A gauche, combien de divisions ?

L’image était belle : autour du leader de ”La France Insoumise”, des visages venus de tous les horizons de la gauche entonnant la Marseillaise et faisant avec leurs doigts de V de la victoire*. Pour ceux que les divisions de la gauche tout au long de la campagne présidentielle avait plongés dans la désespérance, quel réconfort ! Las, il n’aura pas fallu plus de 48h pour que l’édifice se lézarde. Samedi, la journée de la NUPES aura-t-elle été la journée des dupes ? 

Ce qui s’est passé à Vénissieux est emblématique des fractures et des contradictions que porte en elle la coalition opportuniste que Jean-Luc Mélanchon a constituée après son échec à la présidentielle. L’investiture dans cette ville de la banlieue lyonnaise d’un ”insoumis” dont les engagements et les propos** sont contraires à la tradition universaliste et anti-raciste de la gauche est symptomatique de la complaisance de ce mouvement à l’égard de ceux qui n’ont de cesse de distiller leur haine des autres et de la France. La détermination d’une élue communiste à affronter cet individu faisant observer que se soumettre à cette décision d’investiture serait renier ses propres engagements et les combats de toute une vie ; la fermeté du soutien qu’elle a obtenu du leader du PC Fabien Roussel, montrent assez que dans son OPA sur la gauche, Jean-Luc Mélanchon n’avait aucune vision de ce que pourrait être une coalition digne de l’espoir qu’elle suscitait. Au final, le candidat des ”insoumis” a battu en retraite, retirant sa candidature après la polémique provoquée par son parachutage.
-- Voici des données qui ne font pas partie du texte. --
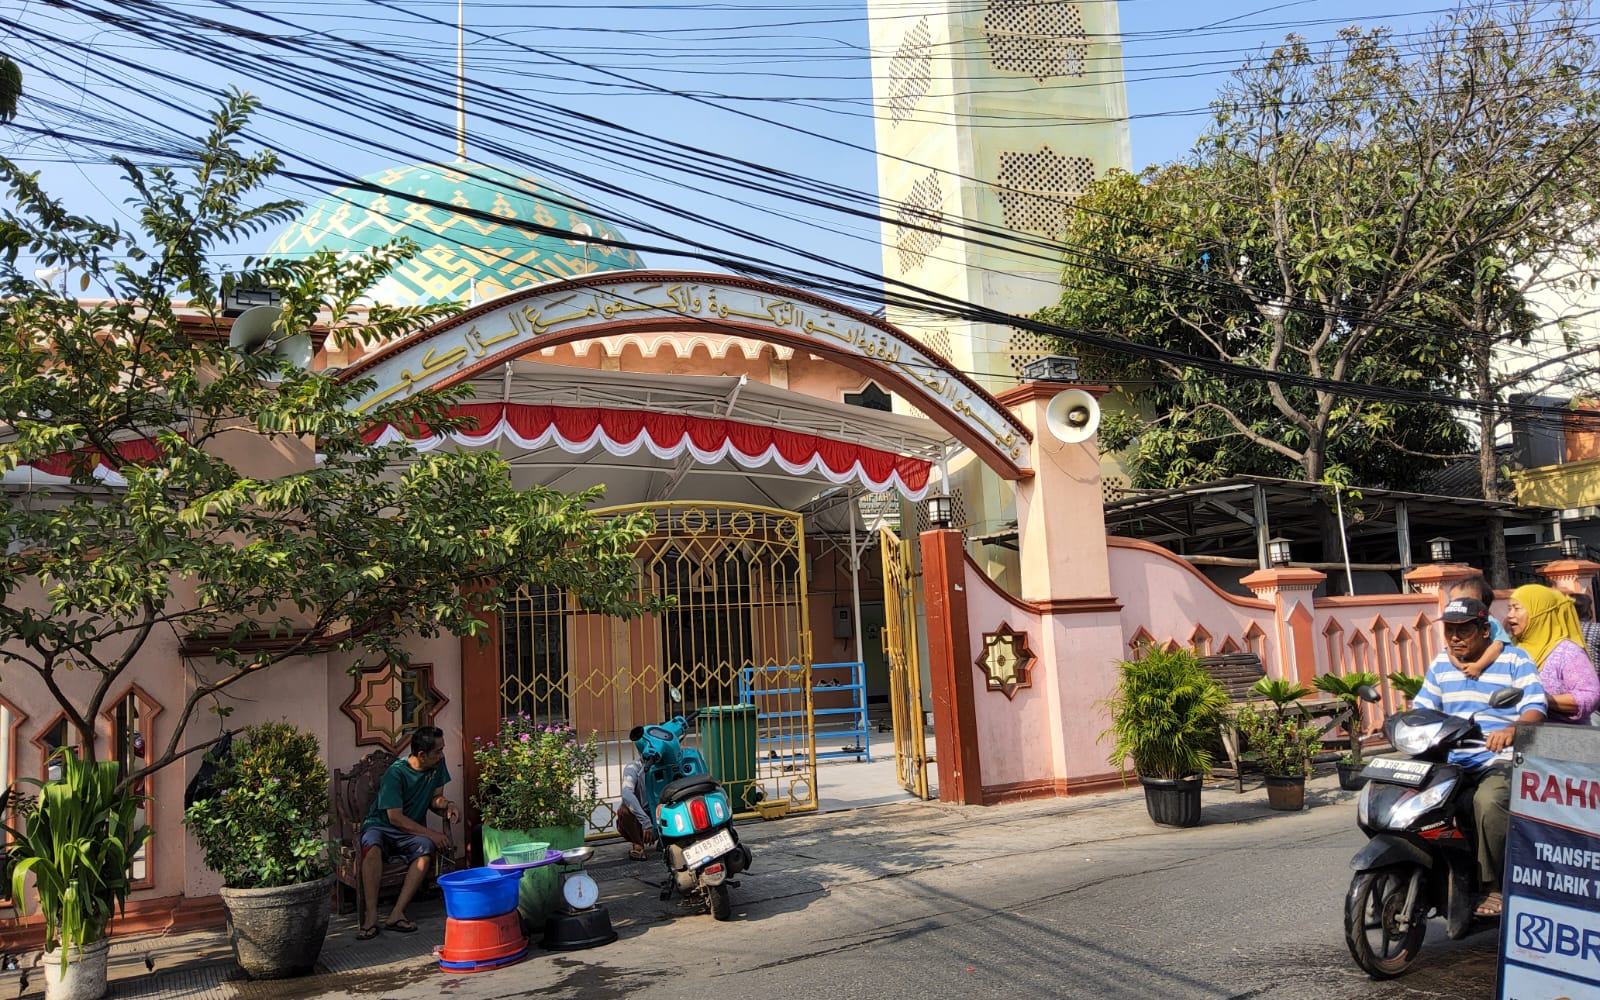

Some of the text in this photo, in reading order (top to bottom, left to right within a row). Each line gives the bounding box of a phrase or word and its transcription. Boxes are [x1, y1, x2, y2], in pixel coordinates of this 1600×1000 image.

[1534, 842, 1600, 870] TRANSFE
[1512, 865, 1542, 887] DAN
[1546, 871, 1590, 896] TARIK
A Paris, dans le Nord, en Dordogne, en région lyonnaise et ailleurs, d’autres dissidences voient le jour, signes que l’alliance contractée voilà une semaine n’a d’union que le nom. De 2012 à 2017, François Hollande a subi les assauts des frondeurs qui l’ont réduit à l’impuissance. En 2022, c’est avant même le premier tour des législatives où il espère prendre sa revanche que Jean-Luc Mélanchon observe les lézardes qui menacent déjà son propre édifice. 
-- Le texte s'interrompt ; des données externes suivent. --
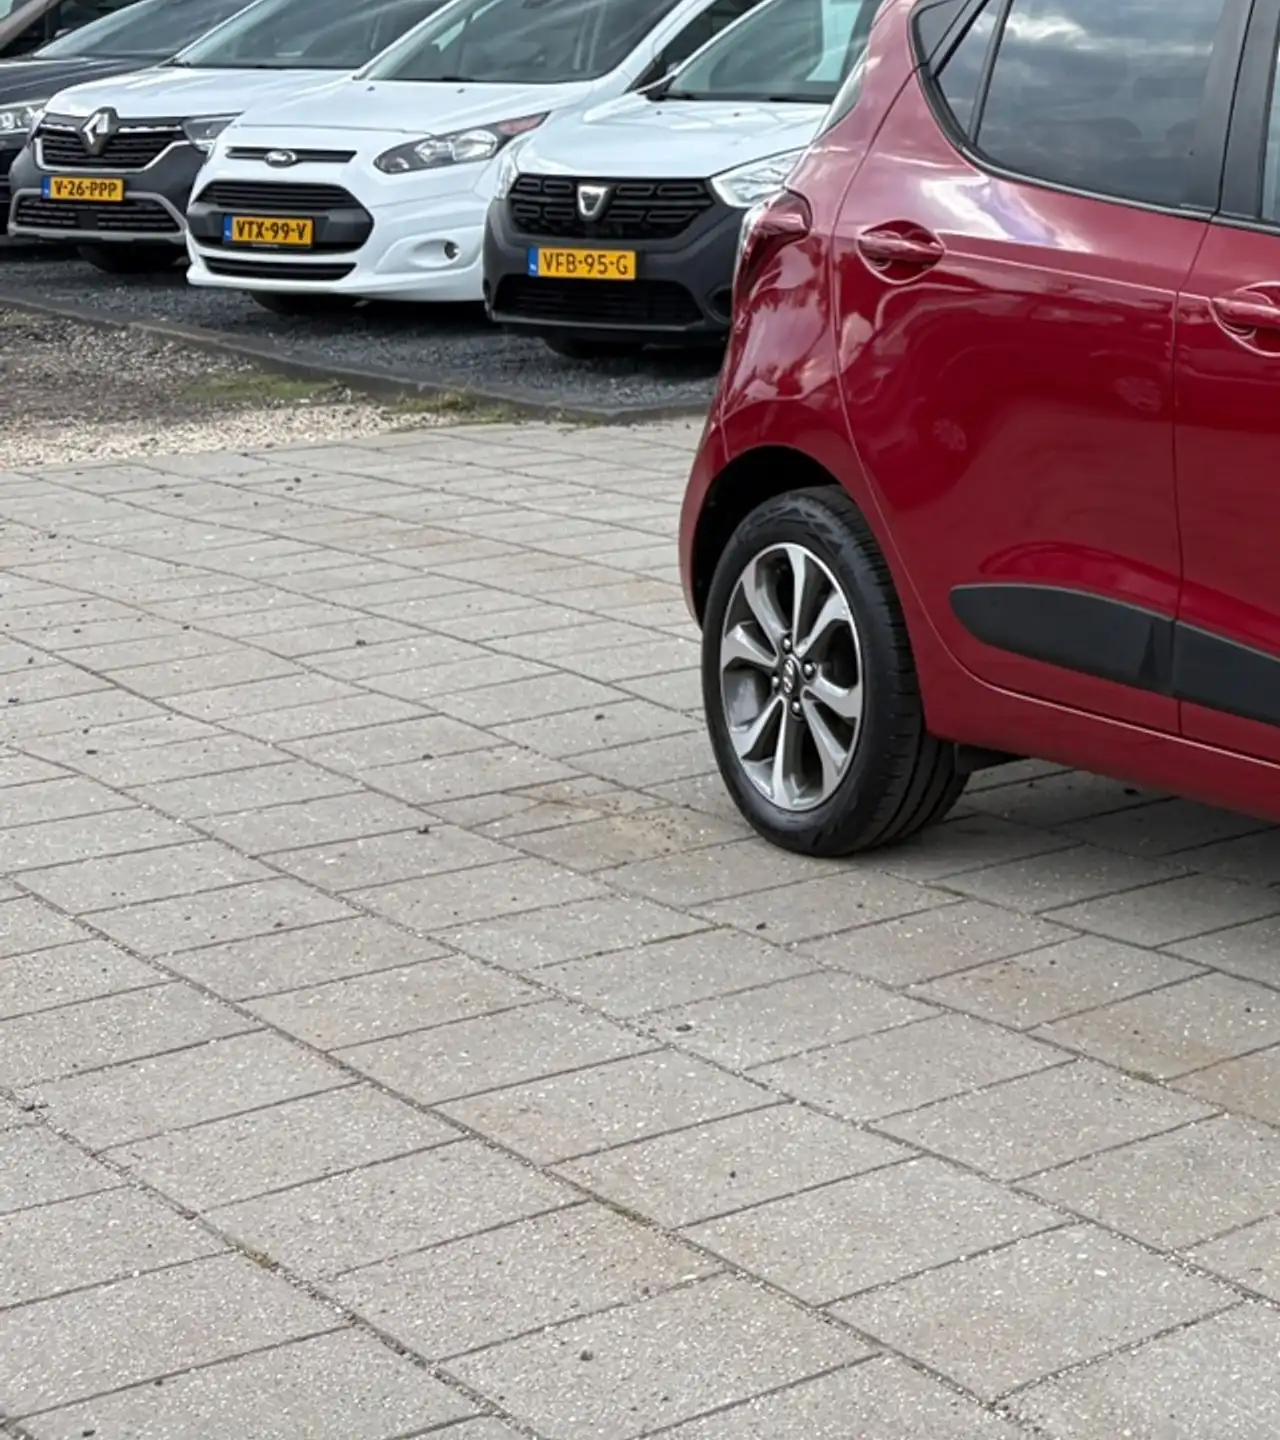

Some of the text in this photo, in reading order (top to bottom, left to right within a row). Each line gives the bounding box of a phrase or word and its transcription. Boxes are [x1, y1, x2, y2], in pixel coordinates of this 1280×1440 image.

[54, 180, 117, 198] V-26-PPP
[235, 220, 307, 241] VTX-99-V
[542, 252, 629, 276] VFB-95-G
Au surplus, tout cela était prévisible car l’accord électoral, certes souhaité par les électeurs, mais imposé par les ”insoumis” et annoncé à grand renfort de tambours et de trompettes souffre de deux faiblesses insurmontables.

La première tient à la nature même du partage des circonscriptions entre formations politiques. En l’espèce, celui-ci s’attache à l’arithmétique électorale issue du premier tour de la présidentielle, et répond à l’obsession de chaque formation de pouvoir constituer un groupe à l’Assemblée Nationale. Mais lorsqu’un tel partage ne tient compte ni des réalités de terrain ni de l’équation personnelle des candidats potentiels, il ne faut pas s’étonner que la vraie vie se refuse à entrer dans les cases prévues par les apparatchiks. KO debout après leurs résultats calamiteux à la présidentielle, écologistes, communistes et socialistes se sont livrés pieds et poings liés à celui qui, seul, avait tiré son épingle du jeu.  Tout cela dans le seul espoir de sauver les meubles et retrouver quelques moyens financiers et politiques leur permettant de survivre. Et ils ont subi sans broncher les humiliations imposées par un tribun colérique qui entendait les réduire à la portion congrue. Les logiques d’appareil l’ont emporté. Au mépris de tout le reste. Démarche non seulement peu glorieuse mais de plus à l’efficacité douteuse, on le constate déjà aujourd’hui.  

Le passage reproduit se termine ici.